Born and raised on the Japanese island of Shikoku, Masanobu Fukuoka was a farmer and philosopher celebrated for his natural farming and re-vegetation of desertified lands. He was a proponent of no-till, no-herbicide grain cultivation farming methods traditional to many indigenous cultures, from which he created a particular method of farming, commonly referred to as ‘Natural Farming’ or ‘Do-Nothing Farming’.

In his early career, Fukuoka studied plant pathology and spent several years working as a customs inspector in Yokohama. While working there, at the age of 25, he had an inspiration that changed his life. He decided to quit his job, return to his home village, and put his ideas into practice by applying them to agriculture.

Over the next 65 years he worked to develop a system of natural farming that demonstrated the insight he was given as a young man, believing that it could be of great benefit to the world.  He did not plow his fields, used no agricultural chemicals or prepared fertilizers, did not flood his rice fields as farmers have done in Asia for centuries, and yet his yields equaled or surpassed the most productive farms in Japan.
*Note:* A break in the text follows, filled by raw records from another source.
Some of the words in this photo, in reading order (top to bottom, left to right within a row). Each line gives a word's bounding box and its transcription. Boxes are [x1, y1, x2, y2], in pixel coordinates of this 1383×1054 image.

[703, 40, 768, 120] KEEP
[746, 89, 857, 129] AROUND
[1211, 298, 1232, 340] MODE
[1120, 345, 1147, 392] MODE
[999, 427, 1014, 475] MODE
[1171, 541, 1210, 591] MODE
In 1975 he wrote The One-Straw Revolution, a best-selling book that described his life’s journey, his philosophy, and farming techniques. This book has been translated into more than 25 languages and has helped make Fukuoka a leader in the worldwide sustainable agriculture movement.
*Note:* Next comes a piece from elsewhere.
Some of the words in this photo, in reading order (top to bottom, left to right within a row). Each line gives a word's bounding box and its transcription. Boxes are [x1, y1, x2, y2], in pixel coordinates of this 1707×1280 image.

After The One-Straw Revolution was published in English, Fukuoka traveled to Africa, India, Southeast Asia, Europe and the United States. His interest turned to rehabilitating the deserts of the world using his natural farming techniques.

Fukuoka is also the author of The Natural Way of Farming (1985) and The Road Back to Nature (1987), scientific papers, and other publications, and was featured in television documentaries and interviews from the 1970s onwards. His influences went beyond farming to inspire individuals within the natural food and lifestyle movements. He was an outspoken advocate of the value of observing nature's principles.

In 1988 he received the Magsaysay Award, often referred to as the ‘Nobel of Asia’, for Public Service.